Un monde, un fossé sépare la vie de la communauté juive marocaine depuis la diaspora des années 1960-1970. Si une infime minorité de juifs marocains vit encore sur son sol, beaucoup ont choisi le grand départ… Témoignages et explications sur des vies bien remplies, culturellement et historiquement bien de chez nous… depuis 2000 ans.
Albert Oiknine, styliste, grand couturier, célèbre faiseur de caftans et éternel casablancais, se souvient… Quand il était petit, pour la fête de la Mimouna, les boulevards, de la Place Verdun au début du boulevard d’Anfa, étaient spécialement aménagés pour cette fête juive. Il se souvient des Barmitsva (état de majorité religieuse chez les garçons de 13 ans), du Louis d’or que l’on appliquait contre la paume de la main enduite de henné… Des présents que l’on apportait lors des fiançailles, des mariages… Tous étaient alors habillés à la marocaine, et la séance du henné, pour la mariée, était l’étape la plus importante de la cérémonie. Il se souvient aussi de cette kessoua lekbira, la grande robe, un caftan d’apparat spécifique aux juives marocaines, en velours brodé de fils d’or… Originaire de Demnate, il se souvient aussi des chants de Hannouca, de la fête et des prières pour Pourim, des beignets, ces « sfenj » que l’on connaît tous, de la tradition du couscous, de la Hiloula, ces moussems où les juifs de chez nous effectuent un pèlerinage sur le tombeau d’un saint… Il se souvient, pour la fête du Kippour, du goût du couscous aux oignons et aux raisins secs ou encore aux courges… « Ces traditions sont, aujourd’hui encore bien ancrées et fêtées à New York ou à Miami », déclare-t-il. Ou à Ashkelon et Jérusalem.

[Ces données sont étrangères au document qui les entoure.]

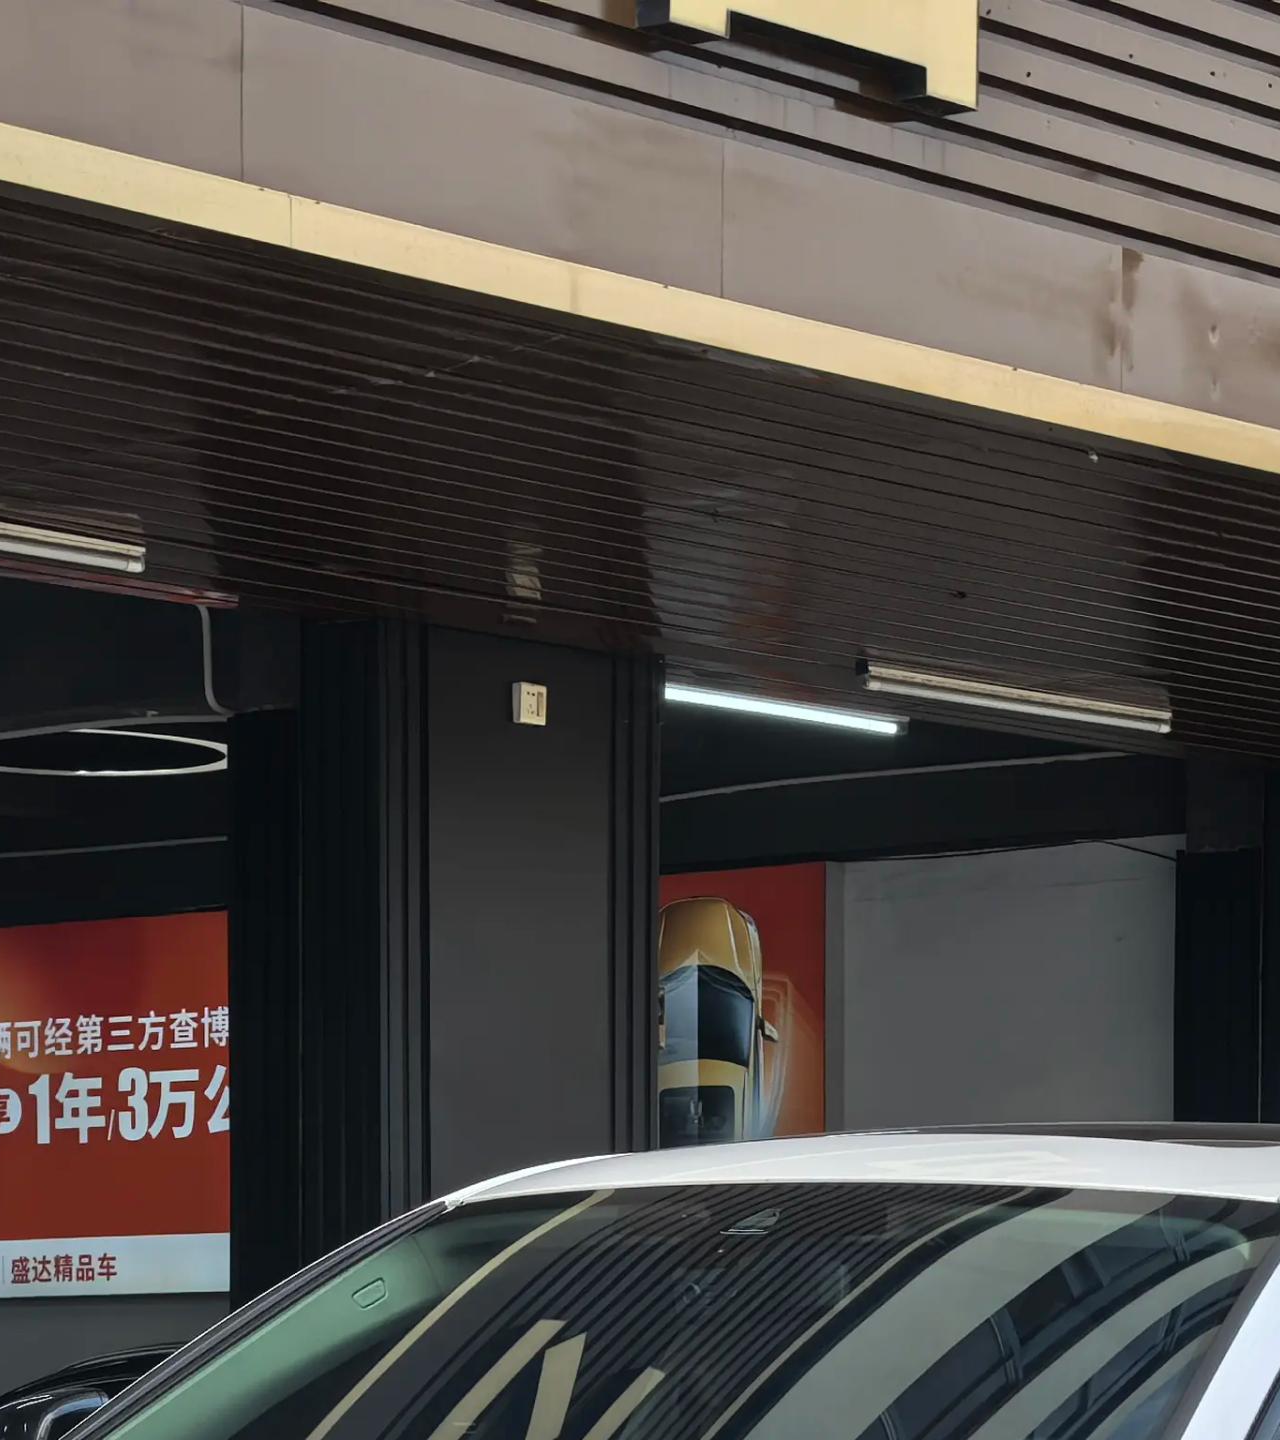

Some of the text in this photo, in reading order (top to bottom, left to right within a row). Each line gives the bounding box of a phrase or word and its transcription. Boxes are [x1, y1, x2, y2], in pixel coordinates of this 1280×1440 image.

[10, 1252, 118, 1285] 盛达精品车

Un processus d’acculturation
Nicole El Grissy, écrivain, auteure de La Renaicendre, recueil truculent et à grand succès d’anecdotes et d’histoires vraies sur les juifs marocains depuis la diaspora (lire encadré), se souvient elle aussi. Trônant, enfouie sous une moelleuse couverture dans son salon, en bonne Marocaine qui se respecte, elle raconte : « Rien à voir entre le Maroc de mon enfance et de mon adolescence et celui d’aujourd’hui… Avant l’exode, les juifs ne parlaient que l’arabe entre eux. Ou alors le berbère… ». Quant à la cuisine, affirme-t-elle, elle a beaucoup de ressemblances avec celle des musulmans, « seules les épices diffèrent… ». L’écrivain égrène les souvenirs, raconte les fêtes religieuses, Shabbat – arrêt du travail le vendredi, extinction des feux – et sa skhina du samedi. Son récit fourmille d’anecdotes et de détails, qu’il est impossible de relater ici. Nous ne pouvons que vous enjoindre à lire son livre pour retrouver ces parfums d’autrefois et cette déchirure, cette fracture qu’a connue le Maroc lorsque ses juifs ont décidé, dans leur immense majorité, de quitter leur pays natal.